A question about HOL
by Dennis J. Darland
July 30, 2008
Last revised 30.07.2008 21.41 time
Copyright © 2008 Dennis J. Darland
A thought I had:

  1. I had thought of representing a proposition R(a,b, ..., z) in HOL as apply(R,a,b,...,z) in FOL.
  2. But FOL is complete while HOL is not so obviously something was wrong.
  3. What is wrong is that there have to be additional rules in the second [FOL like] representation for the predicates.
  4. E.g. (R(a,b) ∧ S(a,b)) ⇒ T(a,b) for a T = (R ∧ S).
  5. There must be such a T in such a HOL, but there is nothing to guarantee that there is such a T in the FOL.
  6. But for any HOL with a finite number of predicates, it seems to me that it could be guaranteed.
  7. But any such HOL could only have a finite number of individuals [according to Leibniz's Law]
  8. Thus it seems the incompleteness of HOL essentially depends on an infinity of primitive [indefinable] predicates.
  9. But it is impossible that humans could ever know such an infinity of primitive predicates.
  10. Thus does the incompleteness of HOL have any practical importance?
  11. Or is there an error in my reasoning?
  12. The error, it would seem, is that Peano's axioms can be used to define an infinite number of individuals with a finite number of predicates.
  13. Let aRb if b is the successor of a.
  15. Then if there is a individual '0' and for every individual a there is a b [≠ a] such that aRb.
  16. See Peano's axioms for full details.
  17. But, so restricted, this is no longer a general HOL.
  18. A purely general HOL, would not have such restrictions on any relation on its individuals.

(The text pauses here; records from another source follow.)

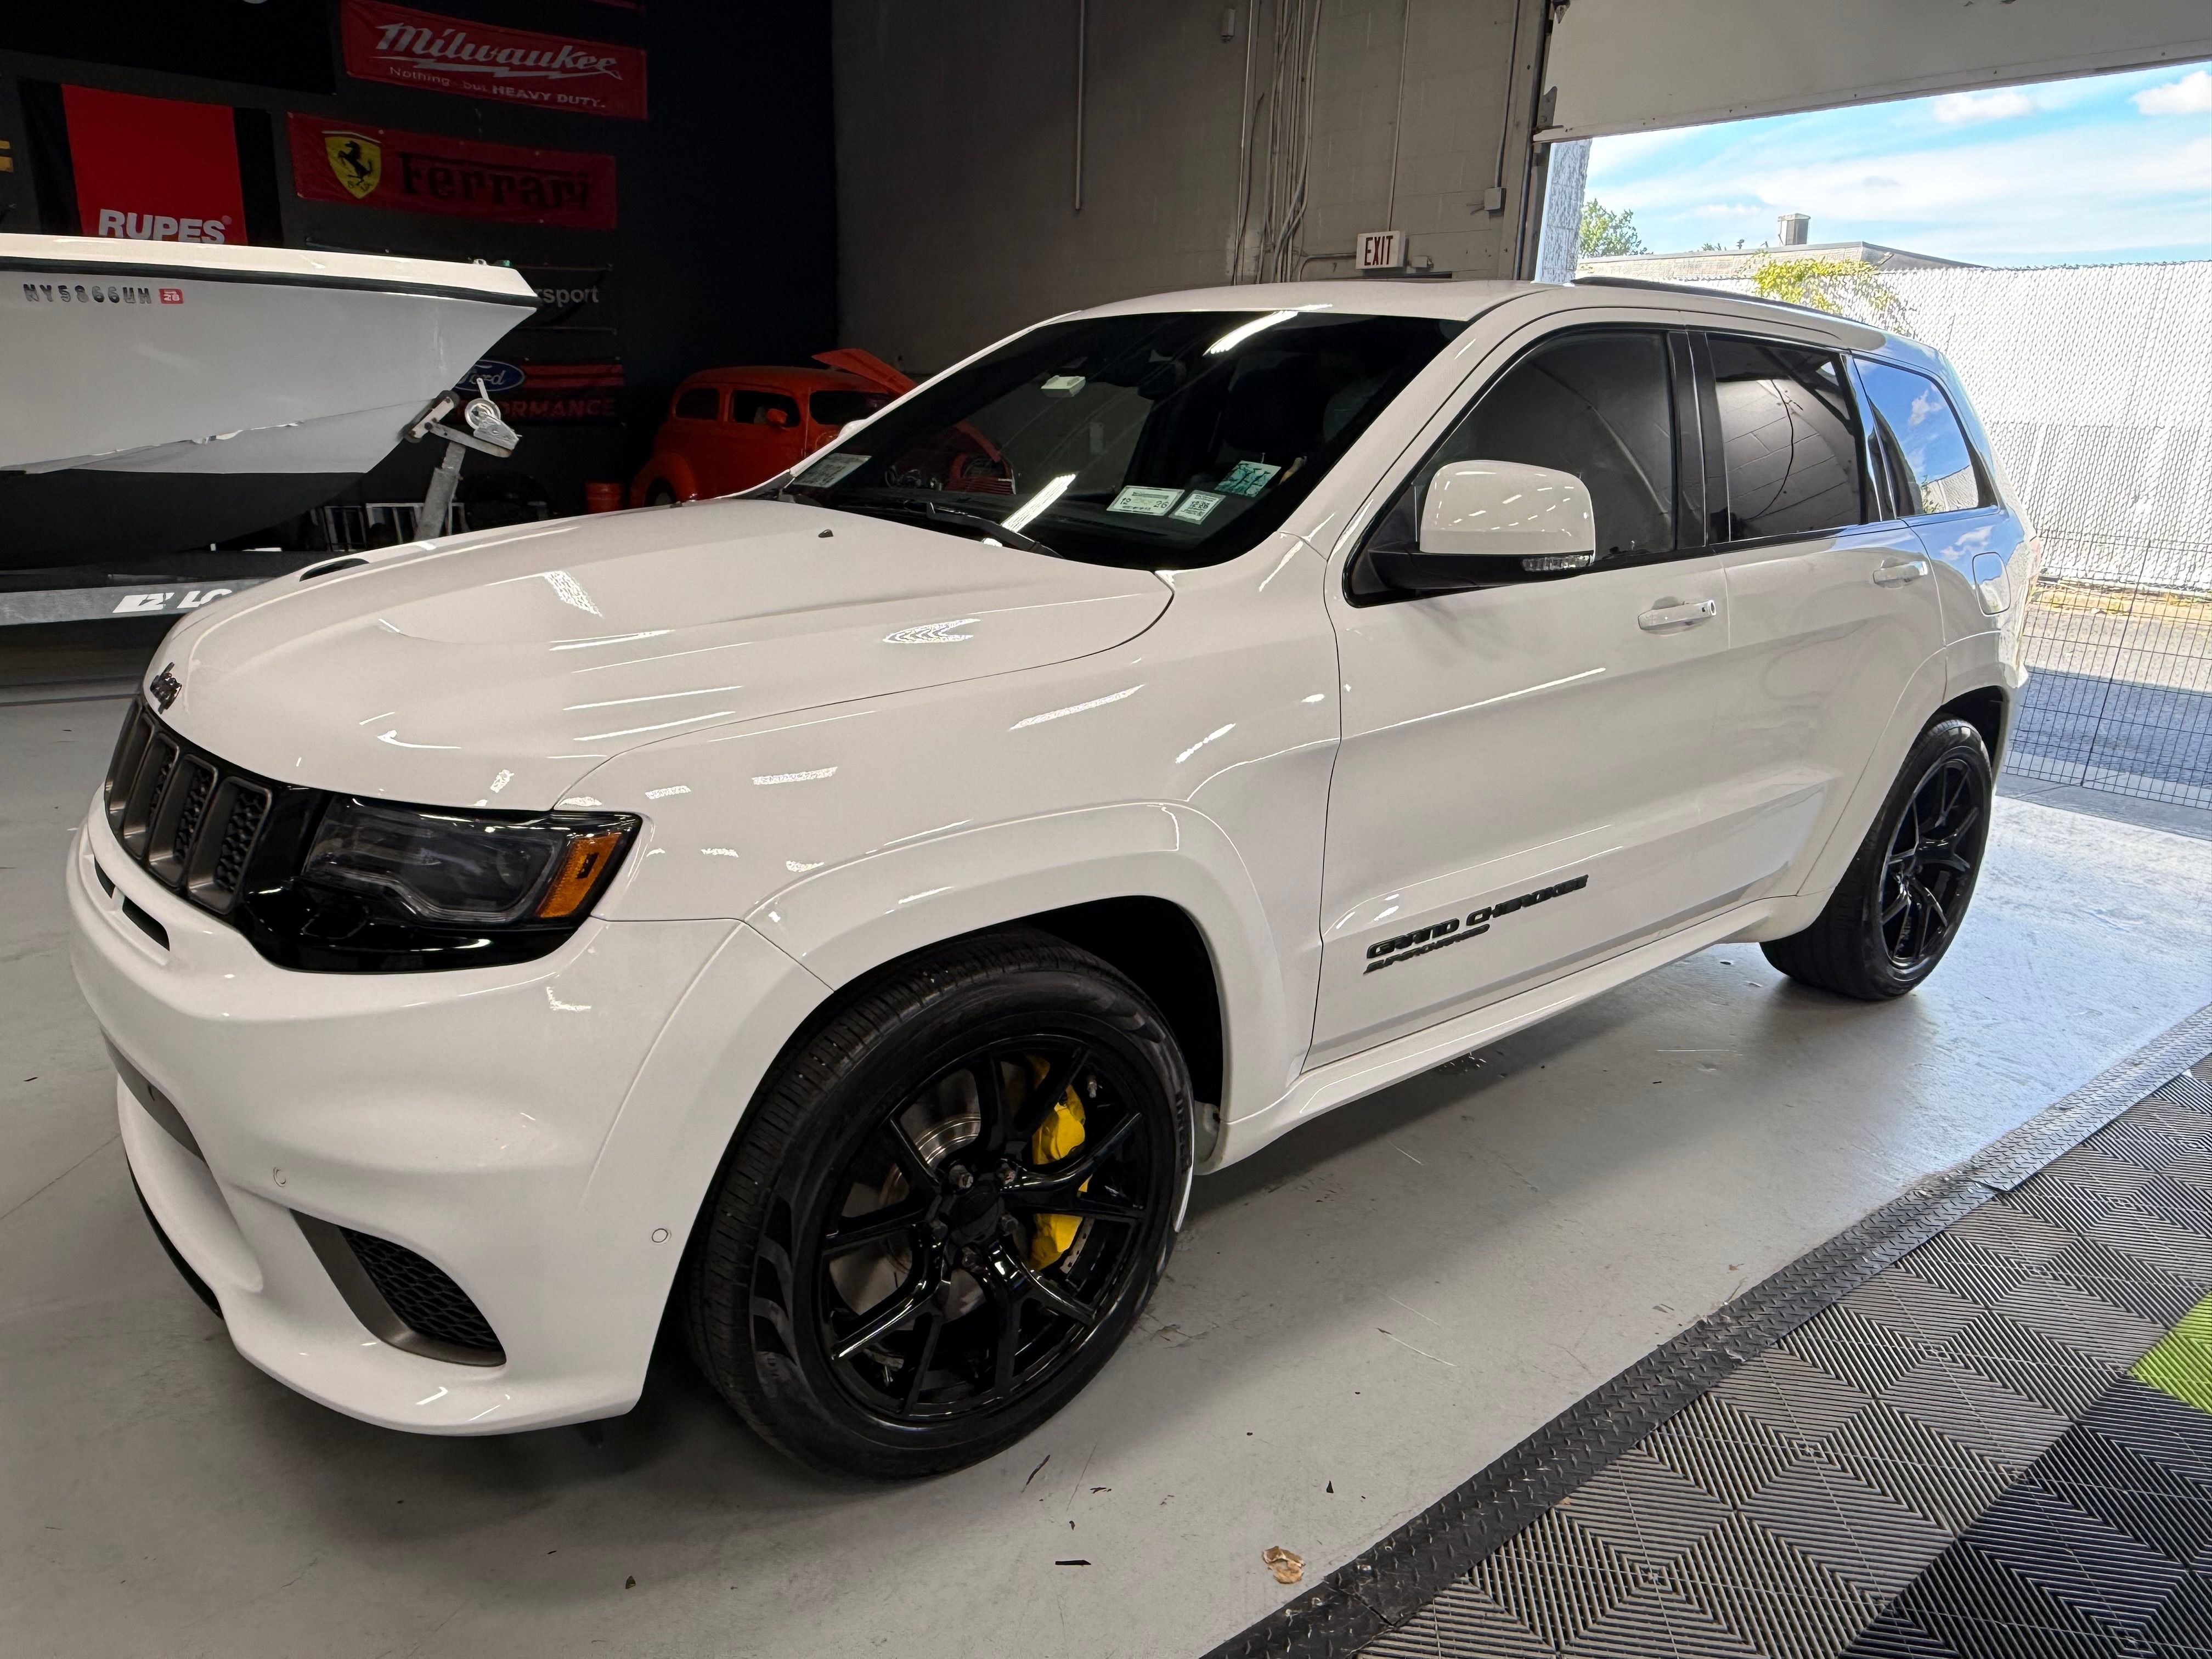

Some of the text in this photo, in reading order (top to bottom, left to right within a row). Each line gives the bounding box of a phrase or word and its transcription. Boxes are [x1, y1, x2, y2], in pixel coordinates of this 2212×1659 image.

[376, 22, 623, 80] Milwaukee
[390, 66, 450, 87] Nothing
[492, 84, 551, 101] HEAVY
[557, 94, 607, 108] DUTY.
[396, 151, 590, 210] Ferrari
[99, 208, 225, 245] RUPES
[1364, 235, 1393, 266] EXIT

  19. Such a relation could hold only if its individuals were countable.
  20. Why make such a restriction?
  21. Goedel does make this assumption - Goedel, "On Formally Undecidable Propositions of Principia Mathematica and Related Systems", in van Heijennort, From Frege to Goedel, page 599.

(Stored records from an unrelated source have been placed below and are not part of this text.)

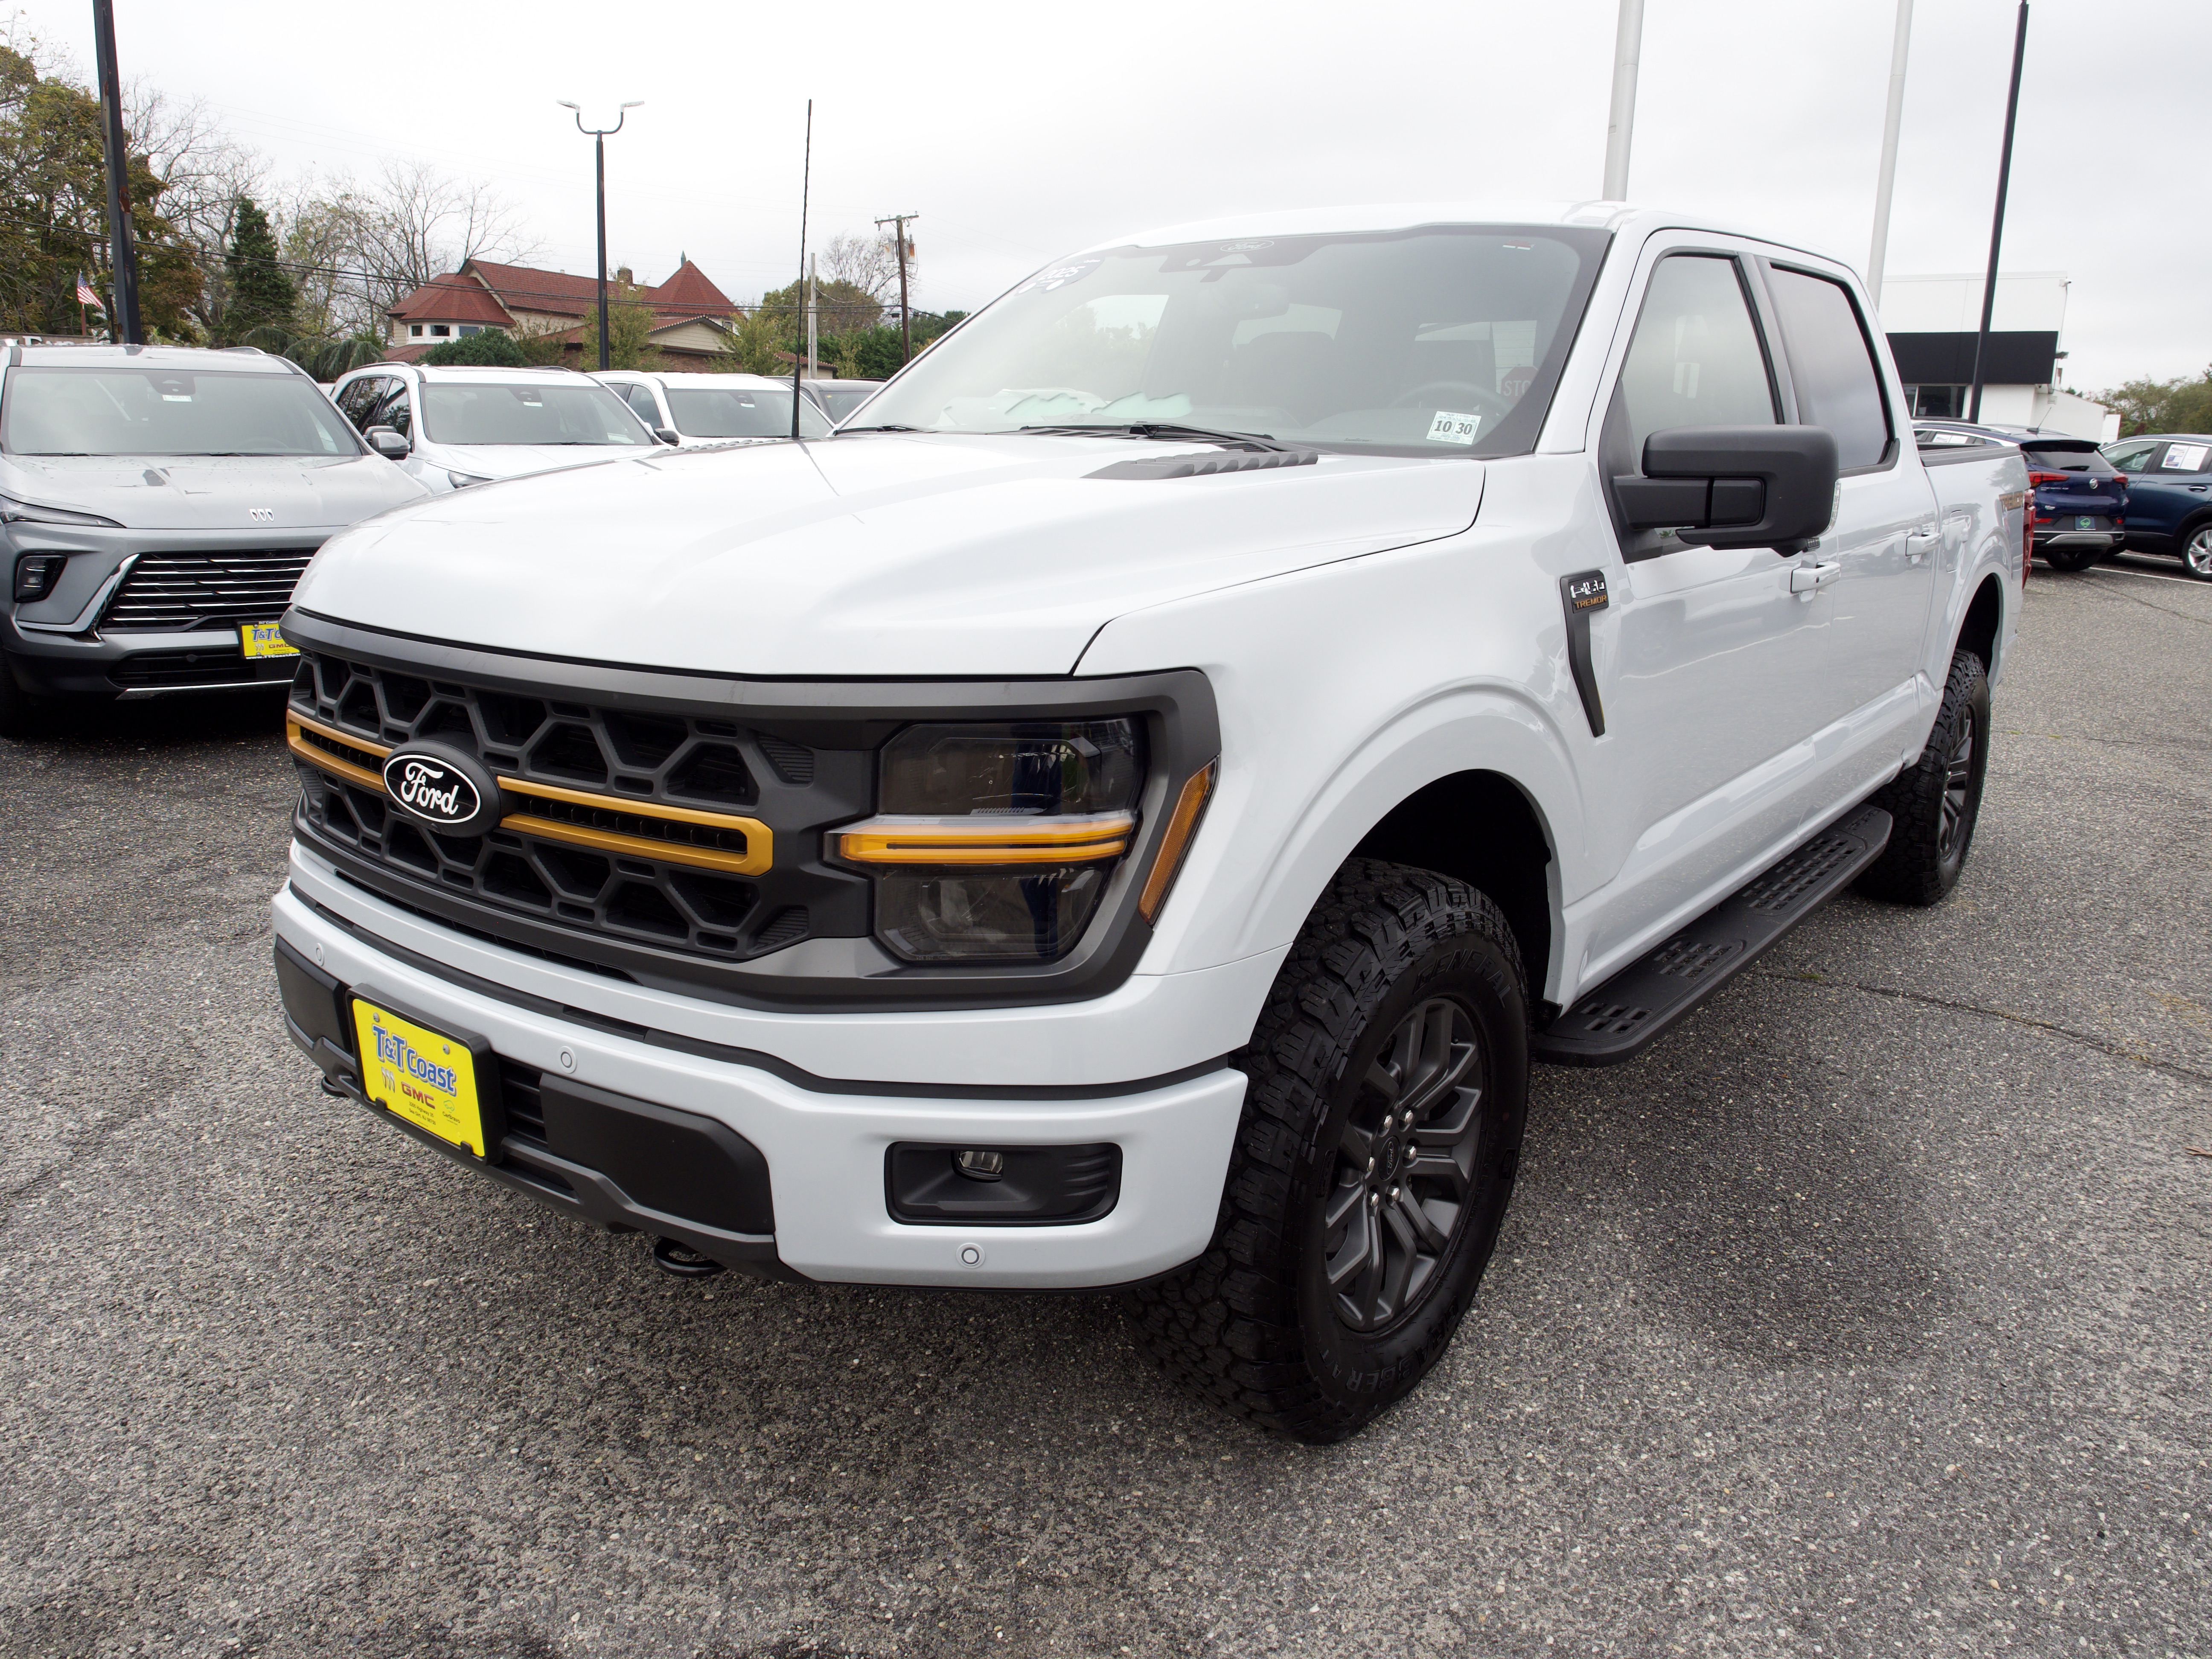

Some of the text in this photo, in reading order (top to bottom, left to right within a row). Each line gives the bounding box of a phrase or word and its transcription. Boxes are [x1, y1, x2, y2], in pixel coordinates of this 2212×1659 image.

[1227, 242, 1266, 251] Ford
[1037, 266, 1086, 281] 2025
[1503, 380, 1532, 397] STO
[1434, 420, 1473, 435] 10 30
[1570, 580, 1605, 598] F-150
[1575, 595, 1607, 609] TREMOR
[251, 628, 275, 642] T&T
[401, 762, 459, 815] Ford
[1412, 948, 1512, 1010] GENERAL
[372, 1024, 457, 1097] T&T Coast
[401, 1082, 436, 1109] GMC
[417, 1106, 429, 1116] Highway
[1346, 1295, 1459, 1394] GRABBER

  22. Goedel's theorem does not apply to a system which takes, say, real numbers, which are not countable, as its individuals.
  23. Or is there an error in my reasoning?

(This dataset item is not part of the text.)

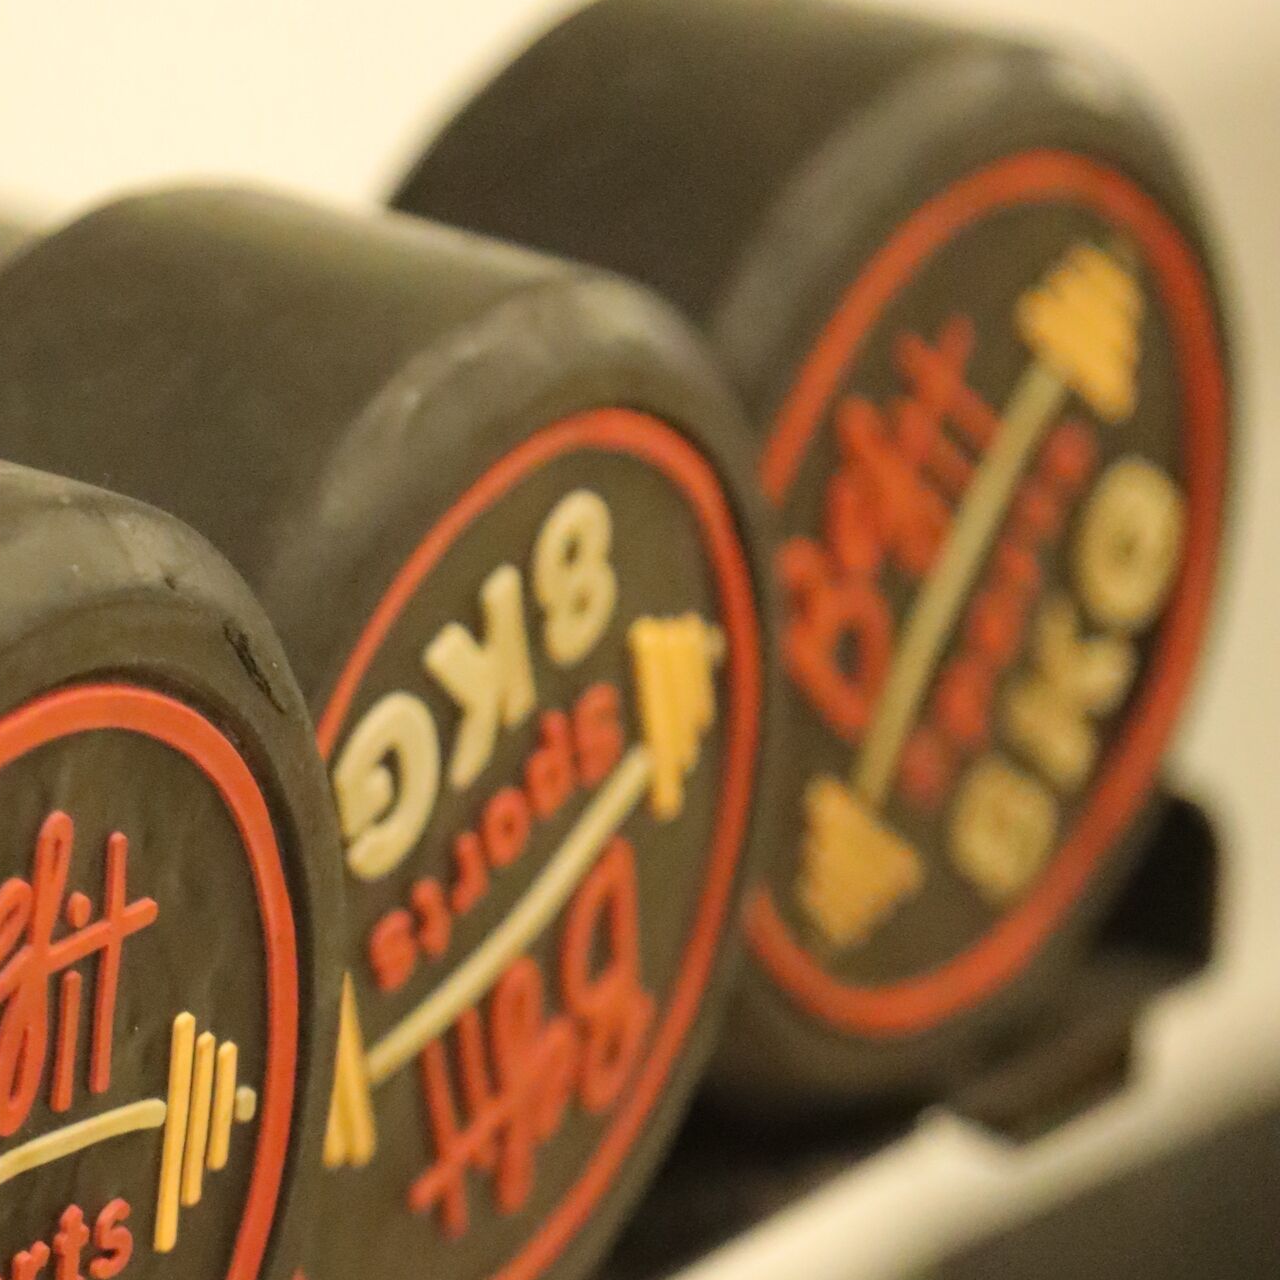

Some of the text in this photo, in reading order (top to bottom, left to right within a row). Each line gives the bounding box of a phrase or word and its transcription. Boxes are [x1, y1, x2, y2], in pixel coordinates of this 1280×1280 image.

  24. Or take any uncountable subset of the real numbers
  25. I think the fact that the set of propositions of the form 'x = x' would be uncountable proves that there this logic would have to be incomplete.
  26. But reconsider the countable set - does there actually have to exist a counting [i.e. successor relation] holding just because a class is countable? Couldn't it be that for any a in some world that for any R there exist b,c,...,y,z if aRb and bRc, ...., yRz and z = a --- or does this result in a contradiction?
  27. I think that if you assume that all there are, are the natural numbers, then Goedel's result follows - but this assumption is obviously false and his result seems to depend on this assumption.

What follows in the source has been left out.